I. Probation Revocation

The majority opinion fails to include all relevant portions of N.C. Gen. Stat. § 15A-1344(d) in its analysis. The more relevant portion of N.C. Gen. Stat. § 15A-1344(d) (2005) states:

If a convicted defendant violates a condition of probation at any time prior to the expiration or termination of the period of probation, the court, in accordance with the provisions of G.S. 15A-1345, may continue him on probation, with or without modifying the conditions, may place the defendant on special probation as provided in subsection (e), or, if continuation, modification, or special probation is not appropriate, may revoke the probation and activate the suspended sentence imposed at the *143time of initial sentencing, if any, or may order that charges as to which prosecution has been deferred be brought to trial; provided that probation may not be revoked solely for conviction of a Class 3 misdemeanor.

(Emphasis supplied).

The majority incorrectly extends and misapplies this Court’s reasoning in State v.

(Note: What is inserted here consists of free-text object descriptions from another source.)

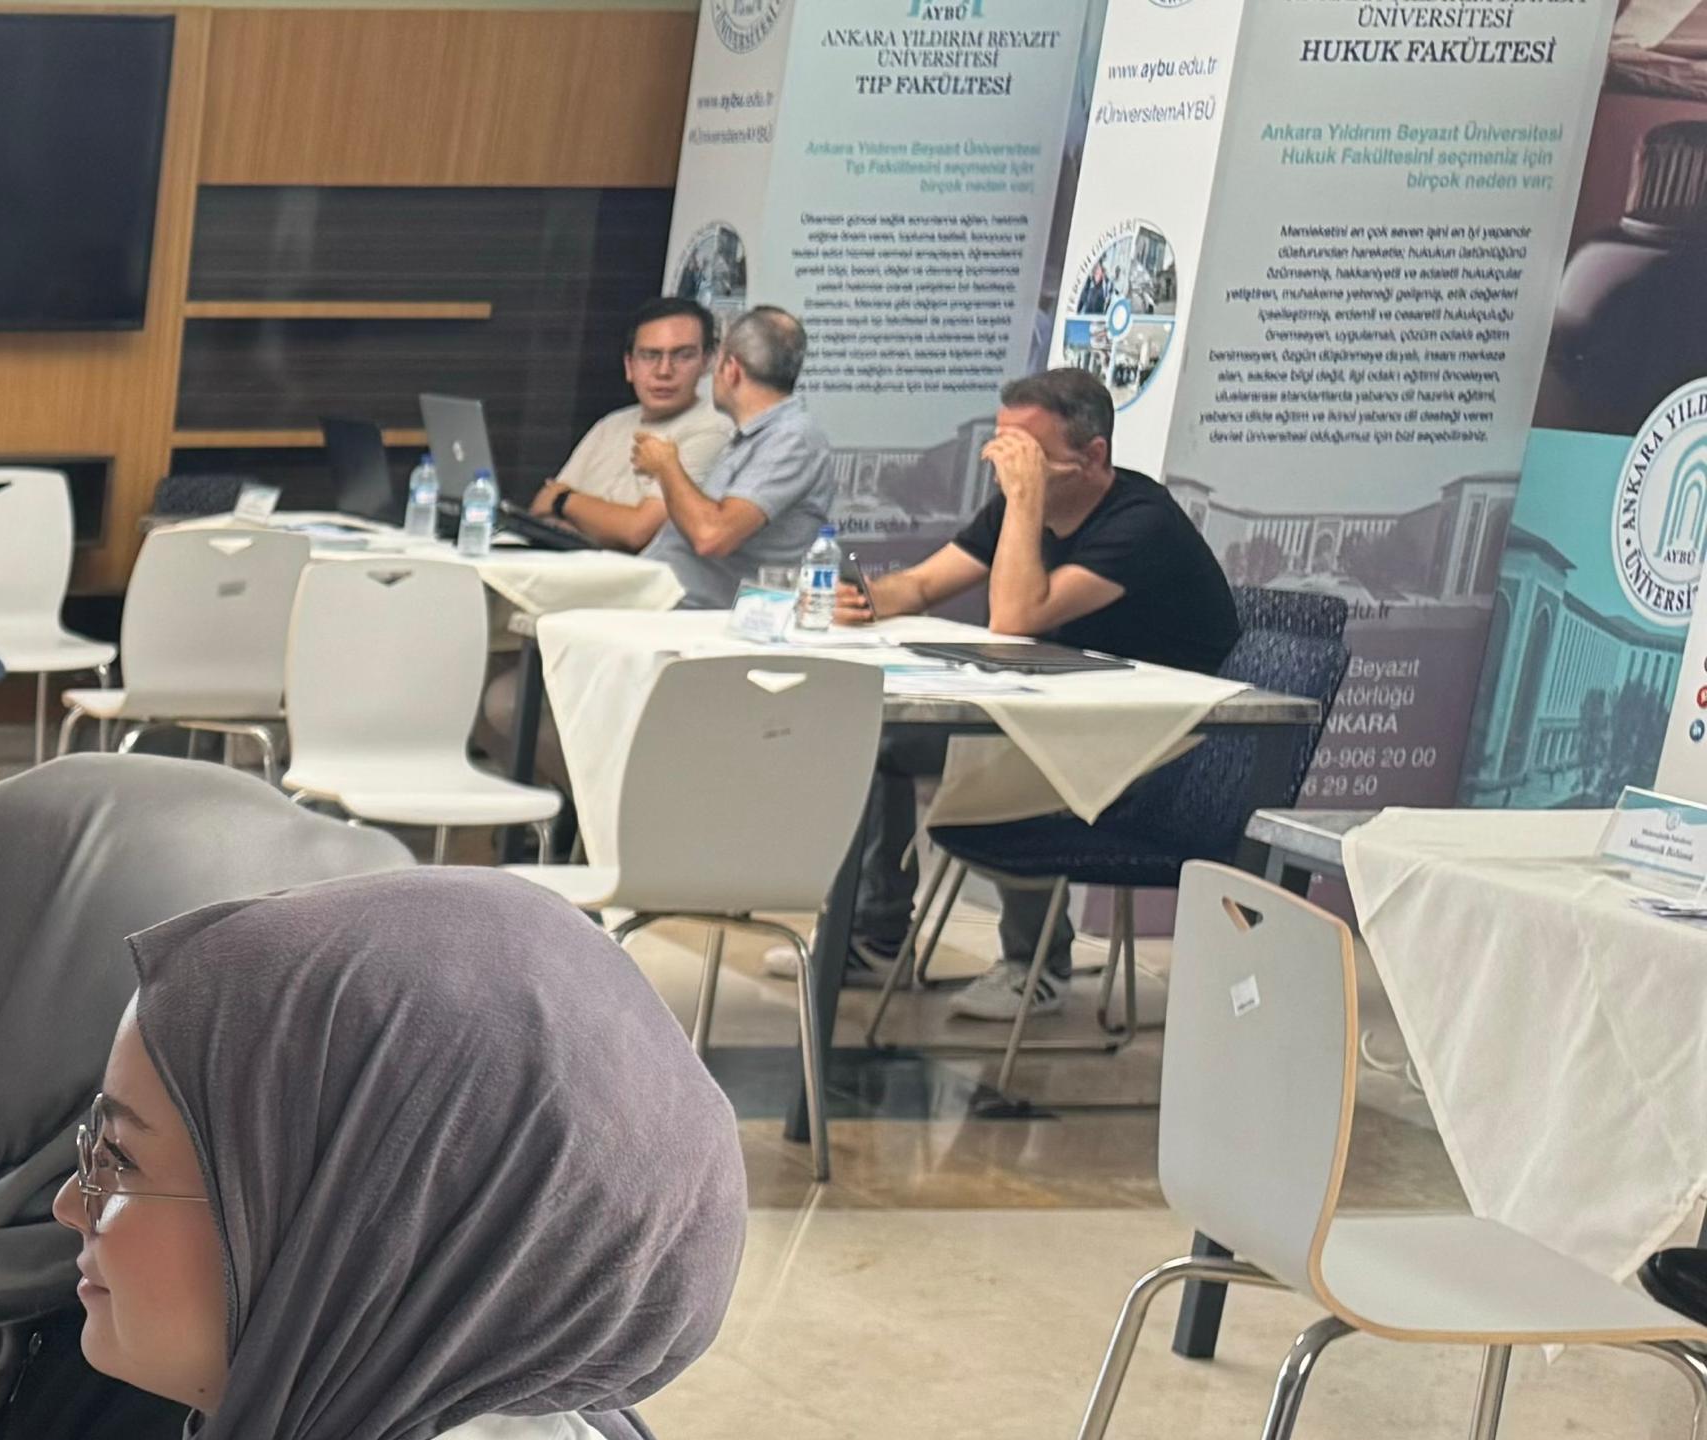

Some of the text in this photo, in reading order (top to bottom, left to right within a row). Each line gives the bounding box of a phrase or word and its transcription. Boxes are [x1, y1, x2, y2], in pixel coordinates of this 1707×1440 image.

[921, 5, 966, 20] AYBÜ
[1357, 3, 1514, 28] ÜNİVERSİTESİ
[822, 30, 1061, 48] ANKARA YILDIRIM BEYAZIT
[1300, 36, 1557, 63] HUKUK FAKÜLTESİ
[877, 48, 1000, 68] ÜNİVERSİTESİ
[1108, 56, 1218, 85] www.aybu.edu.tr
[856, 72, 1012, 95] TIP FAKÜLTESİ
[1095, 96, 1216, 124] #ÜniversitemAYBÜ
[1261, 121, 1564, 143] Ankara Yıldırım Beyazıt Üniversitesi
[1282, 148, 1553, 168] Hukuk Fakültesini seçmeniz için
[1407, 172, 1459, 192] birçok
[1465, 172, 1517, 188] neden
[1622, 430, 1664, 531] ANKARA
[1348, 656, 1420, 682] Beyazıt
[1380, 747, 1406, 768] 20
[1411, 746, 1436, 768] 00
[1322, 775, 1348, 796] 29
[1353, 774, 1378, 796] 50

Paige. 90 N.C. App. 142, 369 S.E.2d 606 (1988). In Paige, this Court held N.C. Gen. Stat. § 15A-1344(d) gave the trial court “authority to order defendant’s sentence for felonious breaking and entering to be served consecutively to his sentence for possession of stolen goods.” 90 N.C. App. at 143, 369 S.E.2d at 606. The facts of Paige are far different than and distinguishable from those at bar. Id. at 142, 369 S.E.2d at 606. In Paige, the defendant’s sentences were entered in different proceedings more than two months apart and resulted in separate judgments that suspended the sentences and placed the defendant on probation for one and five year terms respectively. Id. at 142-43, 369 S.E.2d at 606.

Here, defendant’s concurrent sentences were all entered on the same day as result of a plea agreement and defendant was sentenced to one probationary term of five years. The trial court activated defendant’s suspended sentences ordered to to run concurrently by the judge who imposed the sentences. “[0]rdinarily one judge may not modify, overrule, or change the judgment of another Superior Court judge previously made in the same action.” State v. Woolridge, 357 N.C. 544, 549, 592 S.E.2d 191, 194 (2003) (quoting Calloway v. Ford Motor Co., 281 N.C. 496, 501, 189 S.E.2d 484, 488 (1972)).

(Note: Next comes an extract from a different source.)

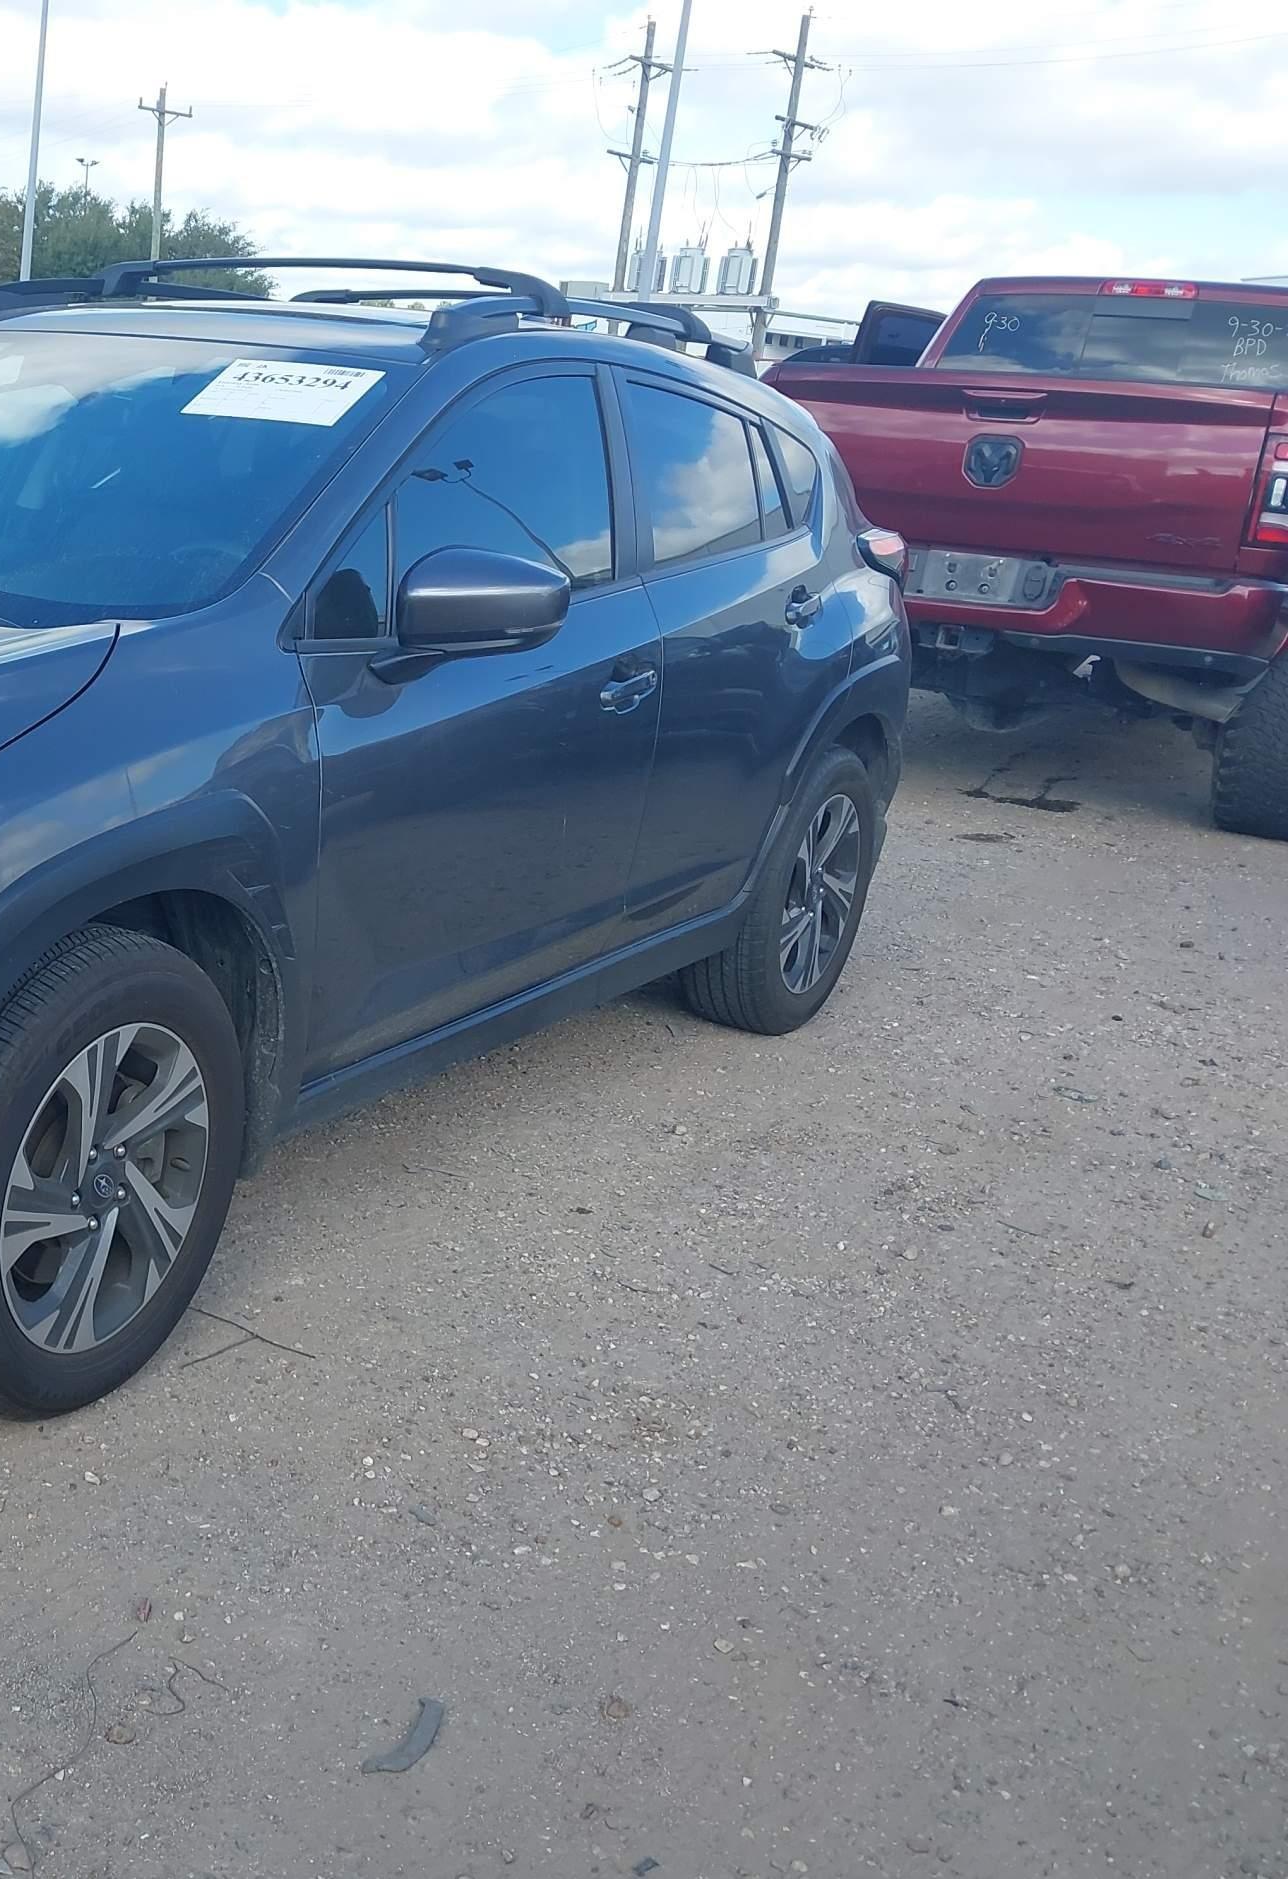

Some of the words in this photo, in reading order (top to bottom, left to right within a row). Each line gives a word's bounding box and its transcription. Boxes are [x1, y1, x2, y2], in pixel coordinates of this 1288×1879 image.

[1228, 315, 1288, 337] 9-30-
[1233, 337, 1267, 356] BPD
[232, 371, 352, 390] 43653294

The Rule of Lenity prevents courts from interpreting a criminal statute in a manner that would impose a penalty possibly greater than that intended by the General Assembly. State v. Boykin, 78 N.C. App. 572, 577, 337 S.E.2d 678, 681-82 (1985); see also Albernaz v. United States, 450 U.S. 333, 67 L. Ed. 2d 275 (1981) (“This policy of lenity means that the Court will not interpret a federal criminal statute so as to increase the penalty that it places on an individual when such an interpretation can be based on no more than a guess as to what Congress intended.” (Quotation omitted)).

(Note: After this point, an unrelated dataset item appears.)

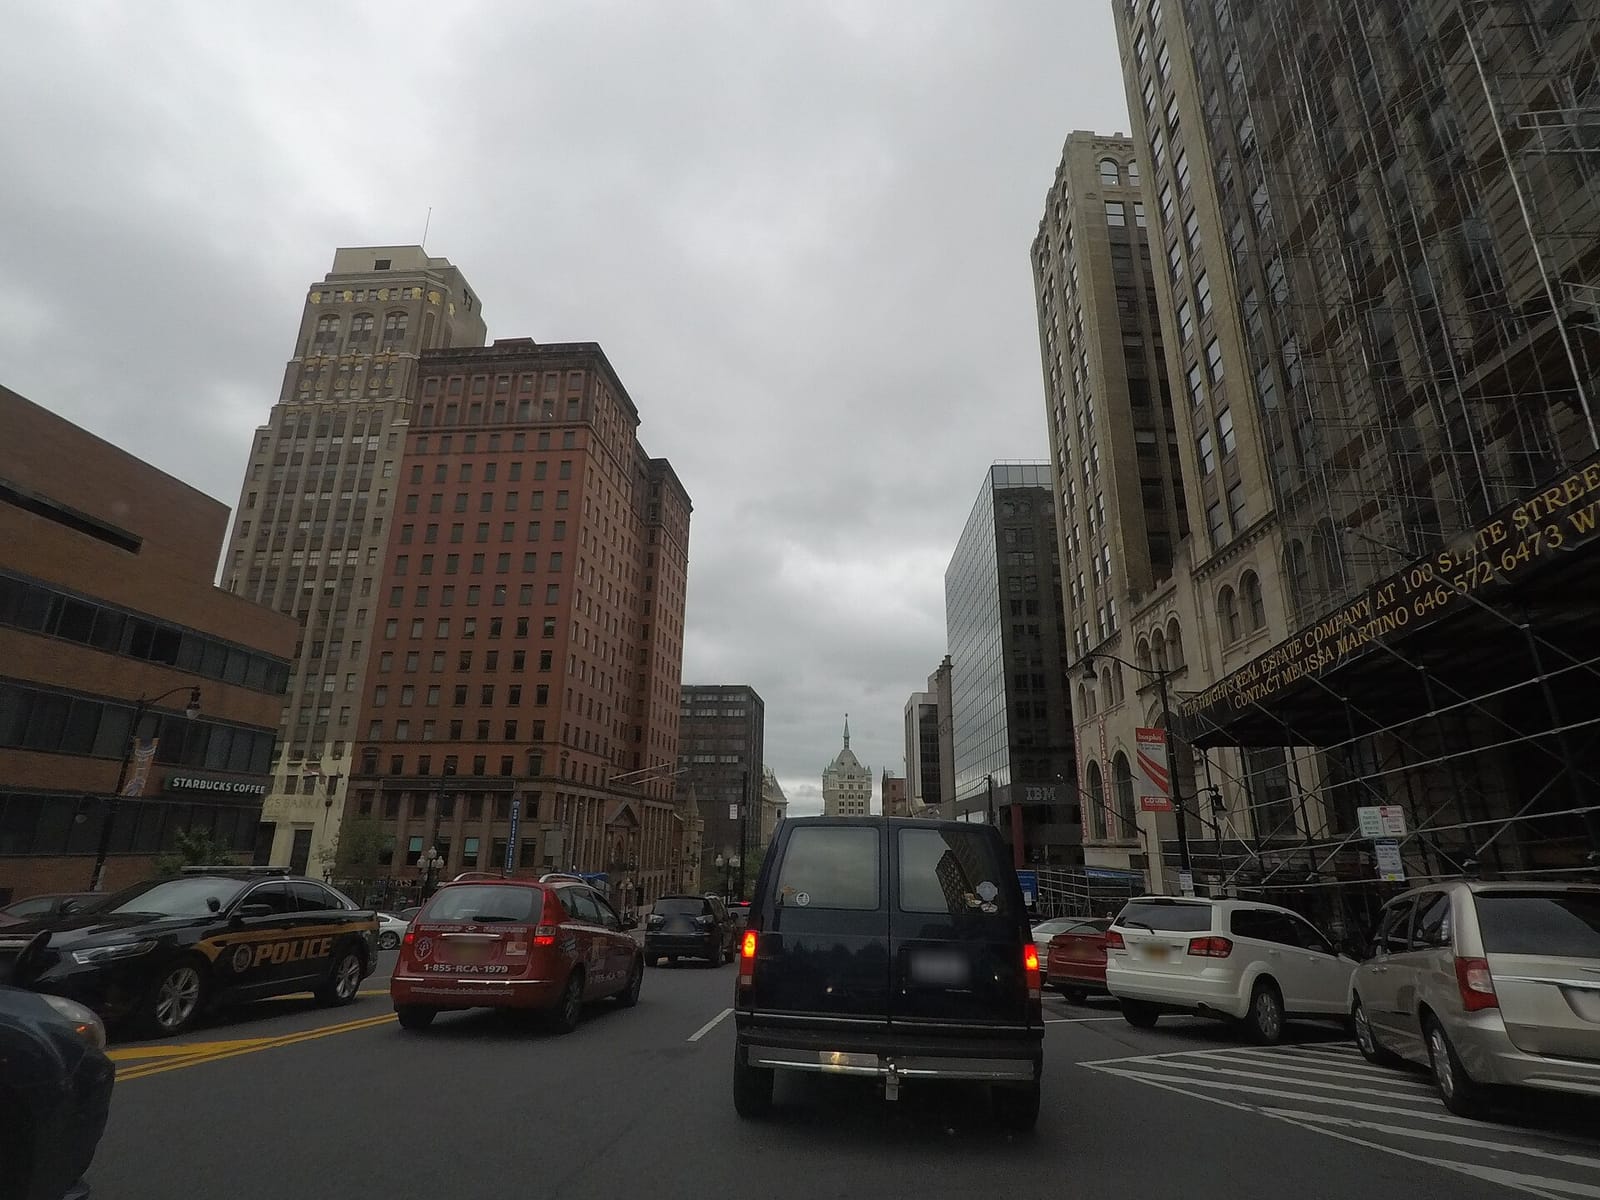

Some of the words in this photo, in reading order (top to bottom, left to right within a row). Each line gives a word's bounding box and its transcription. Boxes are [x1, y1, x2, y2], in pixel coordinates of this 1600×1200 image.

Under the plain and unambiguous language of N.C. Gen. Stat. § 15A-1344(d) the trial court was only authorized to “revoke the probation and activate the suspended sentence imposed at the time of initial sentencing . . . .” (Emphasis supplied). The trial court erred *144when it altered defendant’s original sentence and sentenced defendant to eight consecutive terms of imprisonment rather than five as imposed in the suspended judgment.

I vote to reverse the trial court’s judgment and remand to specify defendant’s sentences run consecutively as imposed “at the time of [defendant’s] initial sentencing . . . .” N.C. Gen. Stat. § 15A-1344(d). Under this analysis, it is unnecessary to reach defendant’s second assignment of error. However, I concur with the majority’s decision to vacate and remand for entering a substantially different judgment outside of defendant’s presence.

II. Conclusion

The majority’s opinion fails to analyze controlling statutory provisions and incorrectly extends and misapplies N.C. Gen. Stat. § 15A-1344(d) and this Court’s reasoning in Paige, 90 N.C. App. at 142, 369 S.E.2d at 606. I vote to reverse the trial court’s judgment and remand for re-sentencing and activation of the original concurrent sentences exactly as imposed at the time of defendant’s initial sentencing.

Under the express language of the statute and the facts of this case, the trial court was without authority to re-sentence defendant contrary to his plea agreement and the suspended sentences in the judgment originally imposed. Id. Our holding in Paige is inapplicable to the facts in this case. Id. I respectfully dissent.